## [Work task]
Give the entries again, exactly as written.

#### Supplied records ####

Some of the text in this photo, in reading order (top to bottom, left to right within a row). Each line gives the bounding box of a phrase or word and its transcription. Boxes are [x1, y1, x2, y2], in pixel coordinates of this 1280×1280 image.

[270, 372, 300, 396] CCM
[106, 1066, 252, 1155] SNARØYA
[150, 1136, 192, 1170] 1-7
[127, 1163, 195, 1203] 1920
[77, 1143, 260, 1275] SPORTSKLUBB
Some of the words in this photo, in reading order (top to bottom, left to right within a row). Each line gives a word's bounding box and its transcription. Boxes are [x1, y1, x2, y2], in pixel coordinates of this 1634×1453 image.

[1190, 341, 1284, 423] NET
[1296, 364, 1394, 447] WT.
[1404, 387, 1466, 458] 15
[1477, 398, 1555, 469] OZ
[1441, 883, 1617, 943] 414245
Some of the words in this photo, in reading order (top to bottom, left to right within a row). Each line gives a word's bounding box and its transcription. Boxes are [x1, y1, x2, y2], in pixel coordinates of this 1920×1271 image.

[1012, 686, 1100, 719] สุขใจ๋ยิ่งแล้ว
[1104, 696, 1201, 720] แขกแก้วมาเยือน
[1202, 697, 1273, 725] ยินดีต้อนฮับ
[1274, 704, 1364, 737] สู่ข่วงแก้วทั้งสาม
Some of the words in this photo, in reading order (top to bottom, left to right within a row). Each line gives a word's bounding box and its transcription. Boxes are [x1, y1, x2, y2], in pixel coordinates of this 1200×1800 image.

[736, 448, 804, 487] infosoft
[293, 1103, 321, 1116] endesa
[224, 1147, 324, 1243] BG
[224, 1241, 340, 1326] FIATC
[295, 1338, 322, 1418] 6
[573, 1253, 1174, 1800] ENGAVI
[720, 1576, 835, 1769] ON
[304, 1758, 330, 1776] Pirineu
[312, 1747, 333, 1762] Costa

####

## [Response area]
Some of the text in this photo, in reading order (top to bottom, left to right within a row). Each line gives the bounding box of a phrase or word and its transcription. Boxes are [x1, y1, x2, y2], in pixel coordinates of this 1280×1280 image.

[270, 372, 300, 396] CCM
[106, 1066, 252, 1155] SNARØYA
[150, 1136, 192, 1170] 1-7
[127, 1163, 195, 1203] 1920
[77, 1143, 260, 1275] SPORTSKLUBB
Some of the words in this photo, in reading order (top to bottom, left to right within a row). Each line gives a word's bounding box and its transcription. Boxes are [x1, y1, x2, y2], in pixel coordinates of this 1634×1453 image.

[1190, 341, 1284, 423] NET
[1296, 364, 1394, 447] WT.
[1404, 387, 1466, 458] 15
[1477, 398, 1555, 469] OZ
[1441, 883, 1617, 943] 414245
Some of the words in this photo, in reading order (top to bottom, left to right within a row). Each line gives a word's bounding box and its transcription. Boxes are [x1, y1, x2, y2], in pixel coordinates of this 1920×1271 image.

[1012, 686, 1100, 719] สุขใจ๋ยิ่งแล้ว
[1104, 696, 1201, 720] แขกแก้วมาเยือน
[1202, 697, 1273, 725] ยินดีต้อนฮับ
[1274, 704, 1364, 737] สู่ข่วงแก้วทั้งสาม
Some of the words in this photo, in reading order (top to bottom, left to right within a row). Each line gives a word's bounding box and its transcription. Boxes are [x1, y1, x2, y2], in pixel coordinates of this 1200×1800 image.

[736, 448, 804, 487] infosoft
[293, 1103, 321, 1116] endesa
[224, 1147, 324, 1243] BG
[224, 1241, 340, 1326] FIATC
[295, 1338, 322, 1418] 6
[573, 1253, 1174, 1800] ENGAVI
[720, 1576, 835, 1769] ON
[304, 1758, 330, 1776] Pirineu
[312, 1747, 333, 1762] Costa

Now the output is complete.